Sommet des Non-alignés à Cuba: 140 pays à la recherche d'un nouveau souffle contre Washington
Dimanche 10 septembre 2006, 08h01
Une cinquantaine de chefs d'Etat et de gouvernement, 3.000 délégués et 140 pays représentés: le 14e sommet du Mouvement des Non-alignés (MNA) cherchera à La Havane un nouveau souffle dans l'hostilité aux Etats-Unis, auprès d'un Fidel Castro convalescent mais décidé à asseoir le leadership cubain sur le mouvement.
Venus d'Asie, d'Afrique et d'Amérique latine, les héritiers de la conférence de Bandung de 1955 vont une nouvelle fois "plancher" sur les thèmes traditionnels du mouvement --pauvreté, développement et injustice-- tout en recherchant une difficile unité sur les questions brûlantes du jour: programme nucléaire iranien et situation au Moyen-Orient notamment.
Le sommet se déroulera dans une situation inédite à Cuba depuis l'avènement au pouvoir en 1959 de Fidel Castro: convalescent depuis son opération chirurgicale annoncée le 31 juillet, le chef de l'Etat a passé provisoirement les rênes à son frère Raul, numéro deux du régime.
Mais les frères Castro maintiennent l'incertitude sur leur participation au sommet et nul ne savait encore dimanche qui dirigera la délégation cubaine. Alors que Fidel a fait savoir qu'il était en état de "recevoir prochainement des hôtes distingués", Raul s'est contenté d'assurer que "le pays est prêt", tout en restant muet sur son rôle.
Le secrétaire général de l'Onu Kofi Annan, hôte traditionnel du sommet, viendra s'exprimer vendredi devant les chefs d'Etat et de gouvernement, qui devraient commencer à arriver jeudi, précédés de leurs ministres des Affaires étrangères et des hauts fonctionnaires, qui entameront leurs travaux dès lundi.
Après l'étape de La Havane, nombre de dignitaires enchaîneront sur New York pour l'Assemblée générale annuelle de l'Onu.
D'Asie sont notamment attendus les présidents Mahmoud Ahmadinejad d'Iran, Bachar Al-Assad de Syrie, Pervez Musharraf du Pakistan, ainsi que le Premier ministre indien Manmohan Singh.
D'Amérique latine, les deux ténors du courant "néo-castriste", Hugo Chavez pour le Venezuela et Evo Morales pour la Bolivie, fourniront un appui sans faille à la diplomatie cubaine, soucieuse de "revitaliser" le MNA.
Majoritaires parmi les 116 pays membres, les Africains seront représentés notamment par Abdelaziz Bouteflika pour l'Algérie et Thabo Mbeki pour l'Afrique du sud, tous deux proches de Fidel Castro.

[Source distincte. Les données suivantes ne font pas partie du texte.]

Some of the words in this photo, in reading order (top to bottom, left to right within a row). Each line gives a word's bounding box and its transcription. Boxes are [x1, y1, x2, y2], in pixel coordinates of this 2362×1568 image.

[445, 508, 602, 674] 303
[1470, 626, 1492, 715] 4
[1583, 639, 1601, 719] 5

Parmi les 24 pays observateurs, les Etats-Unis ont décidé cette fois d'ignorer une rencontre qu'ils savent d'avance dirigée contre eux.

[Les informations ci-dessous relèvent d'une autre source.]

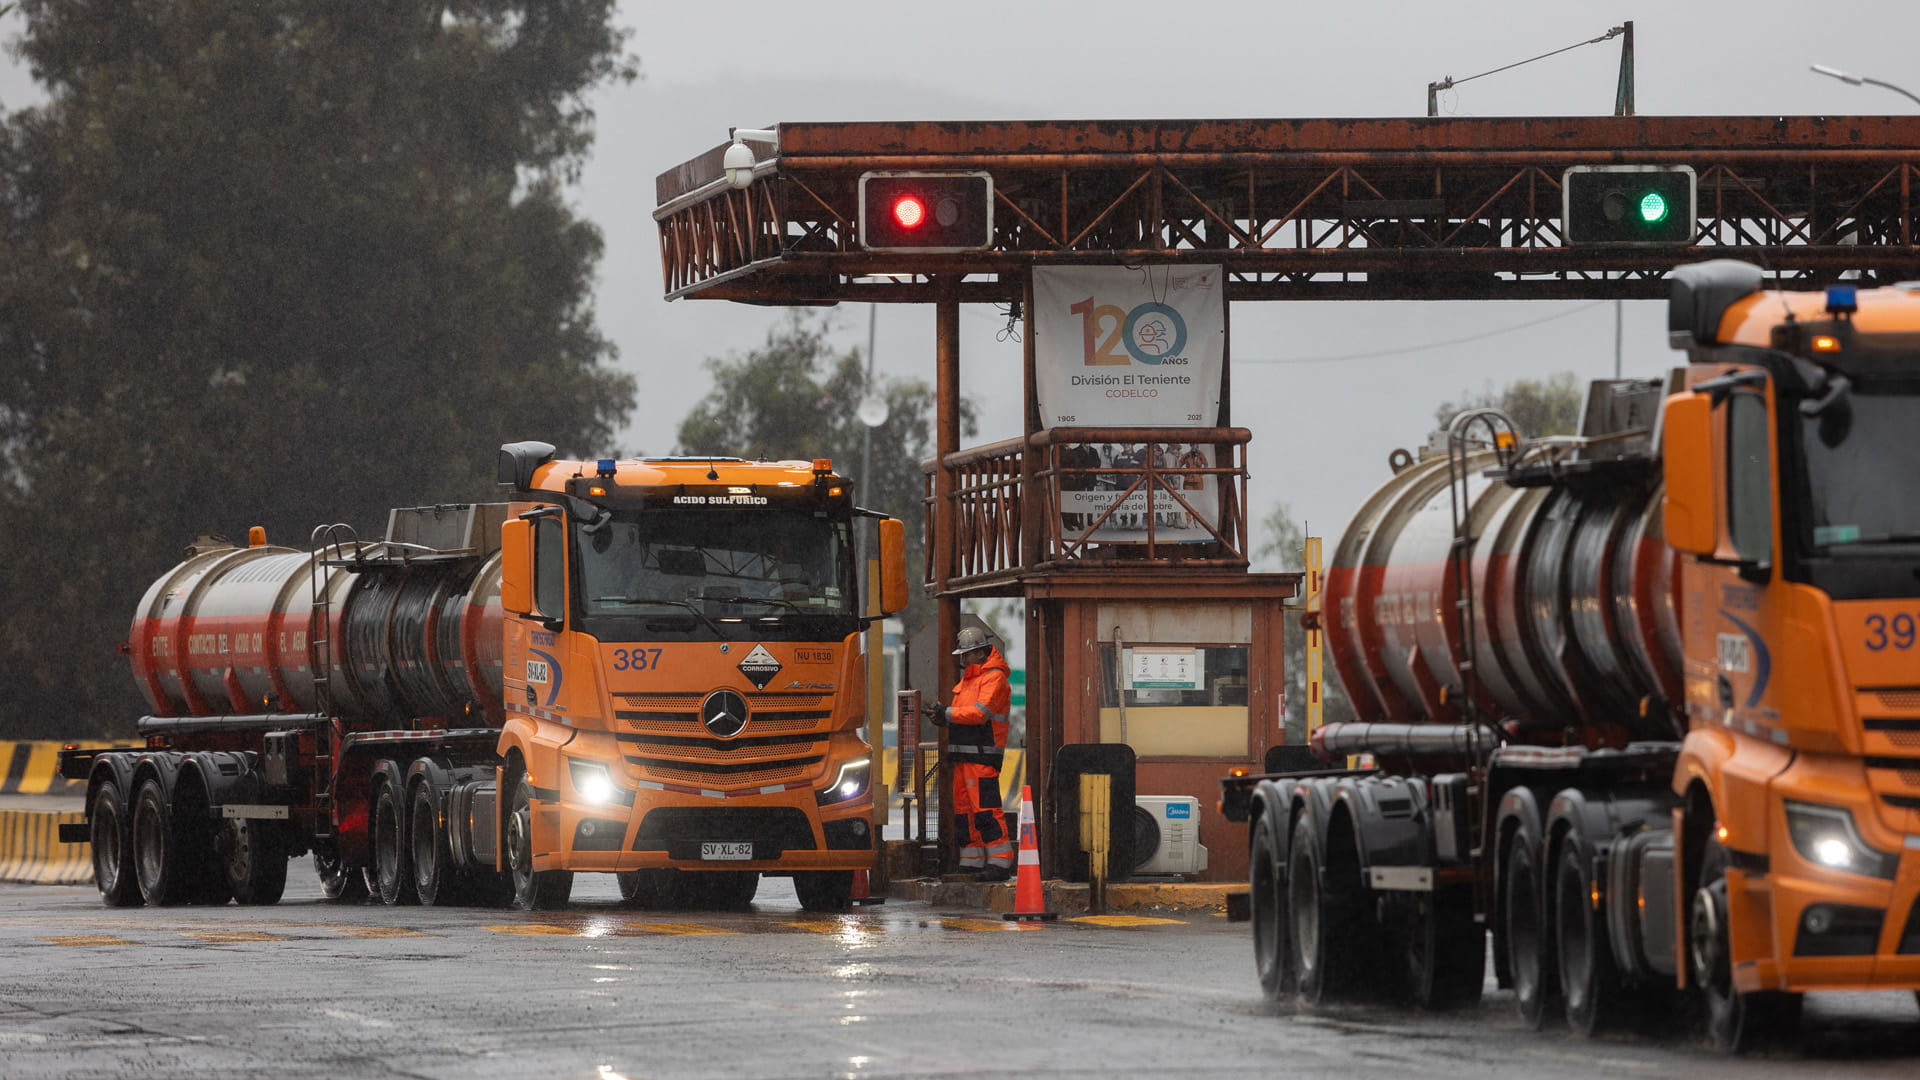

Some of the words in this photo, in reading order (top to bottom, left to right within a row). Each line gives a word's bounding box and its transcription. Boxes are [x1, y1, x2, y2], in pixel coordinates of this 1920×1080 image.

[1071, 296, 1187, 366] 120
[1162, 357, 1188, 366] AÑOS
[1071, 375, 1120, 386] División
[1123, 375, 1134, 385] El
[1137, 374, 1191, 385] Teniente
[1105, 389, 1158, 398] CODELCO
[673, 496, 706, 504] ACIDO
[708, 496, 768, 505] SULFURICO
[1074, 493, 1104, 502] Origen
[1107, 494, 1113, 502] y
[1131, 502, 1146, 511] del
[1865, 613, 1920, 651] 39
[613, 648, 663, 671] 387

Selon le projet de déclaration finale, dont l'AFP a pu se procurer un exemplaire, le sommet devrait ainsi dénoncer "l'unipolarisme et les visées de domination hégémonique dans les relations internationales", de même que "les modèles néolibéraux imposés dans le cadre de la mondialisation en cours".
Assuré du soutien cubain, l'Iran, de son côté, "va faire le forcing" pour faire avaliser sa thèse sur le caractère pacifique de son programme nucléaire et courtise déjà à cette fin plusieurs pays africains avant le passage du dossier au Conseil de sécurité, a-t-on indiqué de source diplomatique africaine.

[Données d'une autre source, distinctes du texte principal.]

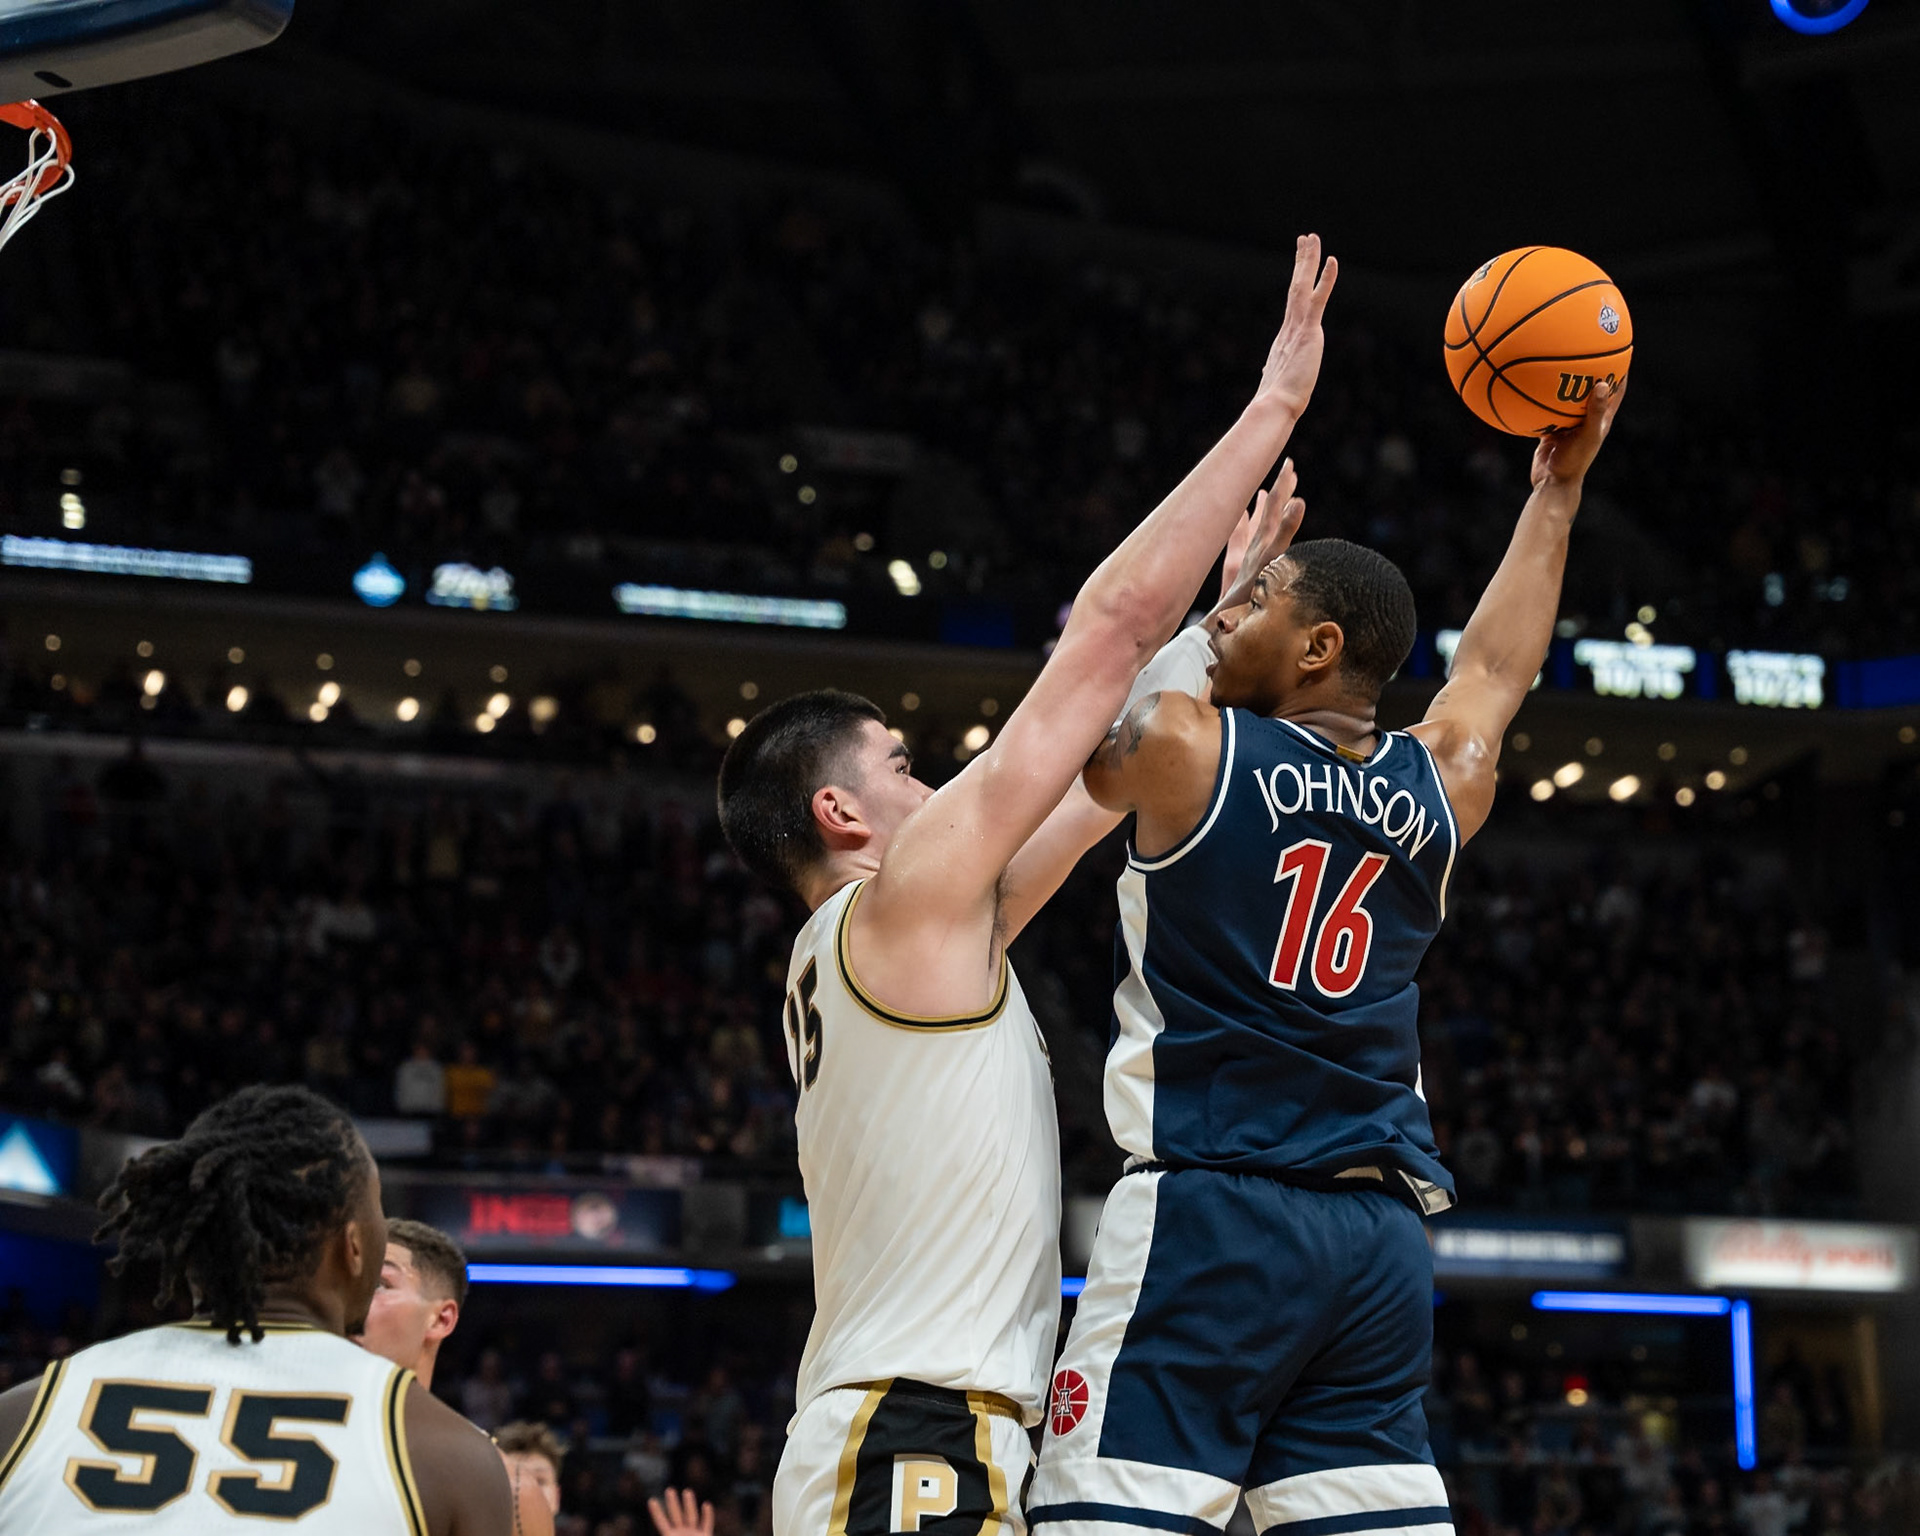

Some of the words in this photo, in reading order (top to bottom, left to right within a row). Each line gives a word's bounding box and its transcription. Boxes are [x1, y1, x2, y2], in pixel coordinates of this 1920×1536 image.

[1253, 762, 1439, 861] JOHNSON
[1268, 838, 1390, 998] 16
[787, 955, 823, 1094] 15
[63, 1378, 352, 1520] 55
[1056, 1389, 1072, 1415] A
[890, 1453, 958, 1532] P

Le Venezuela d'Hugo Chavez recherchera des soutiens pour tenter d'arracher une place de membre non permanent au Conseil de sécurité de l'Onu, tandis
qu'Haïti doit faire son entrée au MNA avec l'île caraïbe de Saint Kitts y Nevis, portant à 118 les pays membres.
Outre la rhétorique traditionnelle contre Washington, Cuba, qui prendra à cette occasion la tête du MNA pour trois ans --Fidel Castro l'avait déjà présidé de 1979 à 1992 après son 6e sommet de La Havane--, compte pour sa part proposer aux Non-alignés un programme d'action concrète dans les domaines de la santé, de l'éducation et de l'énergie.
Né de la conférence afro-asiatique de 1955 à Bandung, en Indonésie, le MNA avait été fondé à Belgrade en 1961, sous les auspices du maréchal Tito, de l'Indien Nehru et du président égyptien Nasser, afin d'ouvrir une "troisième voie" entre les deux blocs de la guerre froide.
Fidel Castro est le dernier survivant de cette génération.